--- Excerpted records Enclosed Below ---

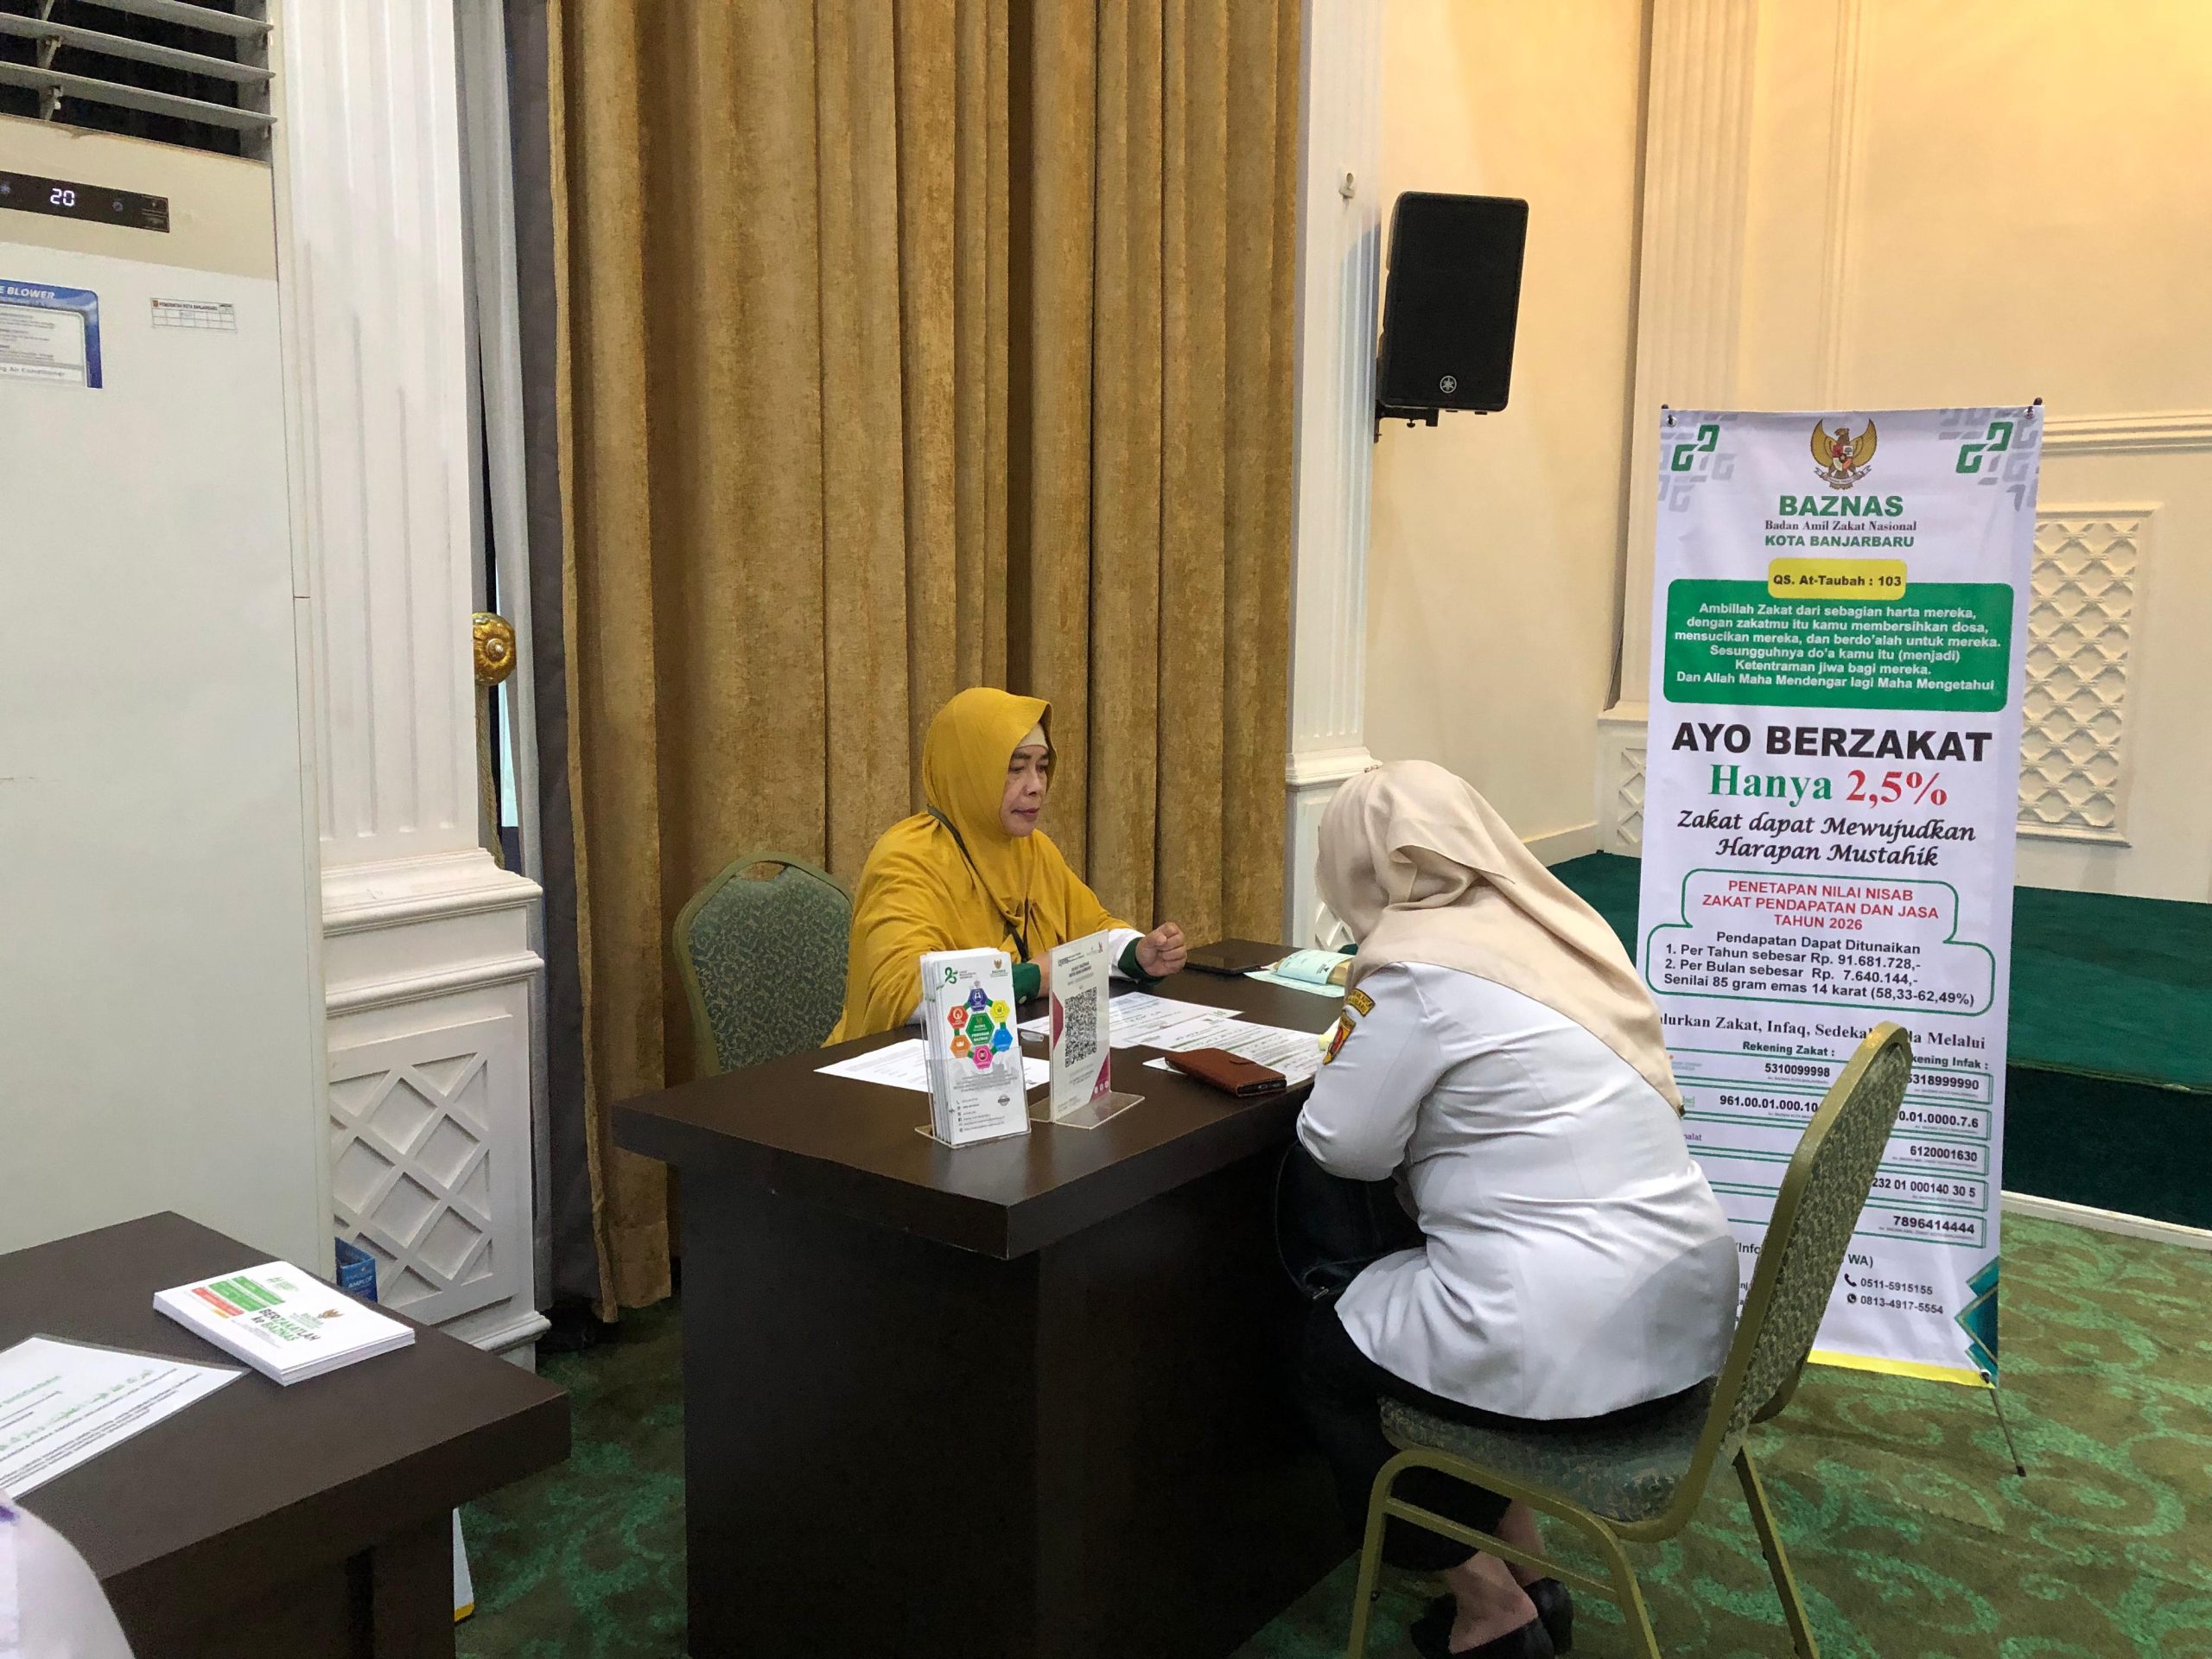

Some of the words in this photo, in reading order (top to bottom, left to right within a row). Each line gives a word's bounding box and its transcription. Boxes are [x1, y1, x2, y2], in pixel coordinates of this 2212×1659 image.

[50, 188, 76, 207] 20
[7, 286, 55, 299] BLOWER
[1779, 495, 1904, 517] BAZNAS
[1764, 520, 1799, 531] Badan
[1802, 520, 1829, 531] Amil
[1833, 520, 1865, 531] Zakat
[1869, 521, 1917, 531] Nasional
[1765, 536, 1805, 546] KOTA
[1810, 536, 1915, 547] BANJARBARU
[1773, 575, 1795, 585] QS.
[1799, 575, 1865, 586] At-Taubah
[1878, 576, 1902, 587] 103
[1699, 603, 1754, 614] Ambillah
[1758, 604, 1793, 615] Zakat
[1796, 606, 1821, 616] dari
[1824, 606, 1882, 619] sebagian
[1886, 607, 1920, 618] harta
[1924, 607, 1977, 620] mereka,
[1687, 617, 1733, 629] dengan
[1736, 618, 1789, 629] zakatmu
[1792, 619, 1808, 629] itu
[1812, 620, 1847, 631] kamu
[1851, 620, 1948, 632] membersihkan
[1952, 622, 1989, 634] dosa,
[1675, 631, 1749, 642] mensucikan
[1752, 633, 1802, 645] mereka,
[1806, 633, 1829, 645] dan
[1906, 635, 1944, 646] untuk
[1948, 637, 2001, 647] mereka.
[1710, 645, 1804, 660] Sesungguhnya
[1808, 646, 1835, 658] do'a
[1839, 648, 1874, 659] kamu
[1898, 650, 1961, 664] (menjadi)
[1735, 659, 1815, 672] Ketentraman
[1817, 661, 1845, 675] jiwa
[1848, 663, 1877, 676] bagi
[1879, 664, 1932, 675] mereka.
[1676, 671, 1700, 682] Dan
[1704, 672, 1735, 683] Allah
[1738, 674, 1772, 684] Maha
[1776, 675, 1847, 689] Mendengar
[1851, 677, 1873, 690] lagi
[1878, 677, 1913, 689] Maha
[1916, 678, 1994, 692] Mengetahui
[1672, 722, 1751, 753] AYO
[1766, 725, 1993, 762] BERZAKAT
[1708, 764, 1833, 808] Hanya
[1847, 770, 1948, 809] 2,5%
[1677, 810, 1742, 830] Zakat
[1749, 811, 1815, 838] dapat
[1820, 816, 1976, 843] Mewujudkan
[1715, 837, 1821, 864] Harapan
[1827, 843, 1940, 866] Mustahik
[1728, 880, 1817, 896] PENETAPAN
[1822, 885, 1861, 898] NILAI
[1866, 887, 1913, 900] NISAB
[1702, 894, 1751, 907] ZAKAT
[1756, 898, 1856, 913] PENDAPATAN
[1860, 903, 1893, 916] DAN
[1897, 906, 1939, 918] JASA
[1774, 914, 1825, 928] TAHUN
[1829, 918, 1863, 930] 2026
[1716, 931, 1796, 947] Pendapatan
[1801, 937, 1841, 950] Dapat
[1846, 939, 1921, 955] Ditunaikan
[1666, 944, 1676, 954] 1.
[1681, 944, 1704, 956] Per
[1707, 946, 1748, 959] Tahun
[1752, 950, 1807, 963] sebesar
[1810, 952, 1834, 966] Rp.
[1838, 954, 1921, 971] 91.681.728,-
[1665, 958, 1676, 969] 2.
[1680, 959, 1702, 971] Per
[1707, 962, 1745, 974] Bulan
[1750, 965, 1804, 978] sebesar
[1812, 968, 1834, 982] Rp.
[1843, 969, 1918, 986] 7.640.144,-
[1664, 974, 1709, 987] Senilai
[1713, 976, 1729, 988] 85
[1732, 979, 1767, 991] gram
[1770, 982, 1808, 993] emas
[1812, 983, 1827, 995] 14
[1832, 984, 1867, 997] karat
[1871, 987, 1974, 1007] (58,33-62,49%)
[1660, 1013, 1711, 1028] lurkan
[1715, 1017, 1762, 1033] Zakat,
[1767, 1020, 1810, 1038] Infaq,
[1815, 1023, 1873, 1039] Sedeka
[1743, 1041, 1793, 1055] Rekening
[1796, 1044, 1828, 1056] Zakat
[1928, 1032, 1986, 1049] Melalui
[1764, 1063, 1831, 1077] 5310099998
[1953, 1057, 1981, 1069] Infak
[1910, 1145, 1978, 1162] 6120001630
[1894, 1179, 1906, 1191] 01
[1910, 1181, 1949, 1194] 000140
[1953, 1185, 1966, 1196] 30
[1969, 1187, 1976, 1198] 5
[1893, 1216, 1974, 1235] 7896414444
[1848, 1254, 1873, 1268] WA)
[1860, 1278, 1933, 1295] 0511-5915155
[1860, 1295, 1943, 1314] 0813-4917-5554

--- End of Enclosed Excerpted records ---

Could you write out every line above exactly as it stands, with no images?

Some of the words in this photo, in reading order (top to bottom, left to right within a row). Each line gives a word's bounding box and its transcription. Boxes are [x1, y1, x2, y2], in pixel coordinates of this 2212×1659 image.

[50, 188, 76, 207] 20
[7, 286, 55, 299] BLOWER
[1779, 495, 1904, 517] BAZNAS
[1764, 520, 1799, 531] Badan
[1802, 520, 1829, 531] Amil
[1833, 520, 1865, 531] Zakat
[1869, 521, 1917, 531] Nasional
[1765, 536, 1805, 546] KOTA
[1810, 536, 1915, 547] BANJARBARU
[1773, 575, 1795, 585] QS.
[1799, 575, 1865, 586] At-Taubah
[1878, 576, 1902, 587] 103
[1699, 603, 1754, 614] Ambillah
[1758, 604, 1793, 615] Zakat
[1796, 606, 1821, 616] dari
[1824, 606, 1882, 619] sebagian
[1886, 607, 1920, 618] harta
[1924, 607, 1977, 620] mereka,
[1687, 617, 1733, 629] dengan
[1736, 618, 1789, 629] zakatmu
[1792, 619, 1808, 629] itu
[1812, 620, 1847, 631] kamu
[1851, 620, 1948, 632] membersihkan
[1952, 622, 1989, 634] dosa,
[1675, 631, 1749, 642] mensucikan
[1752, 633, 1802, 645] mereka,
[1806, 633, 1829, 645] dan
[1906, 635, 1944, 646] untuk
[1948, 637, 2001, 647] mereka.
[1710, 645, 1804, 660] Sesungguhnya
[1808, 646, 1835, 658] do'a
[1839, 648, 1874, 659] kamu
[1898, 650, 1961, 664] (menjadi)
[1735, 659, 1815, 672] Ketentraman
[1817, 661, 1845, 675] jiwa
[1848, 663, 1877, 676] bagi
[1879, 664, 1932, 675] mereka.
[1676, 671, 1700, 682] Dan
[1704, 672, 1735, 683] Allah
[1738, 674, 1772, 684] Maha
[1776, 675, 1847, 689] Mendengar
[1851, 677, 1873, 690] lagi
[1878, 677, 1913, 689] Maha
[1916, 678, 1994, 692] Mengetahui
[1672, 722, 1751, 753] AYO
[1766, 725, 1993, 762] BERZAKAT
[1708, 764, 1833, 808] Hanya
[1847, 770, 1948, 809] 2,5%
[1677, 810, 1742, 830] Zakat
[1749, 811, 1815, 838] dapat
[1820, 816, 1976, 843] Mewujudkan
[1715, 837, 1821, 864] Harapan
[1827, 843, 1940, 866] Mustahik
[1728, 880, 1817, 896] PENETAPAN
[1822, 885, 1861, 898] NILAI
[1866, 887, 1913, 900] NISAB
[1702, 894, 1751, 907] ZAKAT
[1756, 898, 1856, 913] PENDAPATAN
[1860, 903, 1893, 916] DAN
[1897, 906, 1939, 918] JASA
[1774, 914, 1825, 928] TAHUN
[1829, 918, 1863, 930] 2026
[1716, 931, 1796, 947] Pendapatan
[1801, 937, 1841, 950] Dapat
[1846, 939, 1921, 955] Ditunaikan
[1666, 944, 1676, 954] 1.
[1681, 944, 1704, 956] Per
[1707, 946, 1748, 959] Tahun
[1752, 950, 1807, 963] sebesar
[1810, 952, 1834, 966] Rp.
[1838, 954, 1921, 971] 91.681.728,-
[1665, 958, 1676, 969] 2.
[1680, 959, 1702, 971] Per
[1707, 962, 1745, 974] Bulan
[1750, 965, 1804, 978] sebesar
[1812, 968, 1834, 982] Rp.
[1843, 969, 1918, 986] 7.640.144,-
[1664, 974, 1709, 987] Senilai
[1713, 976, 1729, 988] 85
[1732, 979, 1767, 991] gram
[1770, 982, 1808, 993] emas
[1812, 983, 1827, 995] 14
[1832, 984, 1867, 997] karat
[1871, 987, 1974, 1007] (58,33-62,49%)
[1660, 1013, 1711, 1028] lurkan
[1715, 1017, 1762, 1033] Zakat,
[1767, 1020, 1810, 1038] Infaq,
[1815, 1023, 1873, 1039] Sedeka
[1743, 1041, 1793, 1055] Rekening
[1796, 1044, 1828, 1056] Zakat
[1928, 1032, 1986, 1049] Melalui
[1764, 1063, 1831, 1077] 5310099998
[1953, 1057, 1981, 1069] Infak
[1910, 1145, 1978, 1162] 6120001630
[1894, 1179, 1906, 1191] 01
[1910, 1181, 1949, 1194] 000140
[1953, 1185, 1966, 1196] 30
[1969, 1187, 1976, 1198] 5
[1893, 1216, 1974, 1235] 7896414444
[1848, 1254, 1873, 1268] WA)
[1860, 1278, 1933, 1295] 0511-5915155
[1860, 1295, 1943, 1314] 0813-4917-5554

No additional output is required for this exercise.